CAI International sells railcar fleet to Infinity Transportation

CAI says it seeks to focus on its container leasing business

Container operator and transportation finance company CAI International is selling its remaining railcar fleet to Infinity Transportation, a transportation lessor and Global Atlantic Group subsidiary, so that it can concentrate on its container leasing business.

Infinity will buy the assets for $228.7 million in a deal that will close by Dec. 31.

“The sale of our remaining railcar fleet is an important milestone, as exiting the rail business allows us to execute our strategy of maximizing shareholder returns by focusing all of our resources on our core container leasing business,” said Timothy Page, CAI’s interim president and CEO.

Page said the sale will generate approximately $33 million in net cash proceeds after repayment of rail-related debt and transaction costs, and it will result in an after-tax loss of approximately $17 million in discontinued operations, or $0.96 per fully diluted share.

Monday’s announcement comes as no surprise, as CAI has been saying that it planned to sell its railcar fleet. A year ago, CAI said it hired Centerview Partners to help it “explore and evaluate the company’s strategic alternatives.”

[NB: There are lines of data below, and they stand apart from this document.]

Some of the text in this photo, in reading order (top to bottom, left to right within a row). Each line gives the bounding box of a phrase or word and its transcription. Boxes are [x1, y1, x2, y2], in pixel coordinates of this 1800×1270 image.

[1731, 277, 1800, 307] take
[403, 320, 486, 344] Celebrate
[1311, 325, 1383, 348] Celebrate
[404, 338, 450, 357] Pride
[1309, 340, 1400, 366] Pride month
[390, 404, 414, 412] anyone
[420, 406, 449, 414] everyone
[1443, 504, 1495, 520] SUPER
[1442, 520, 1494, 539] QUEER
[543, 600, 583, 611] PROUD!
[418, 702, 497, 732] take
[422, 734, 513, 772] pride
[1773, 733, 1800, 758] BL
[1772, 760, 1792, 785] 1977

CAI’s shedding of its railcar fleet comes as CAI’s container leasing business has seen “unprecedented levels of demand” in the second half of 2020, with customer demand and market conditions continuing to look strong toward the end of the fourth quarter. CAI has seen its forward order book of committed leases increase, a utilization rate of 99.4% and “historically high” prices on the secondary sale market as manufacturers manage their supplies.

Because of these factors, CAI expects net income from continuing operations to increase by more than 40% in the fourth quarter of 2020 compared with a year ago, and it anticipates market conditions “to remain favorable for increasing sequential quarterly earnings in early 2021,” Page said.

CAI’s worldwide fleet totals approximately 1.7 million twenty-foot equivalent units of containers. The company has 14 officers in 12 countries, including the U.S.

In August, CAI International sold CAI Logistics to third-party logistics provider NFI for an undisclosed amount.

Infinity Transportation leases rail, aviation and intermodal assets, according to its website. It also is an “active buyer” for new and midlife equipment, and it is involved in the management, operation, maintenance and repair of its assets.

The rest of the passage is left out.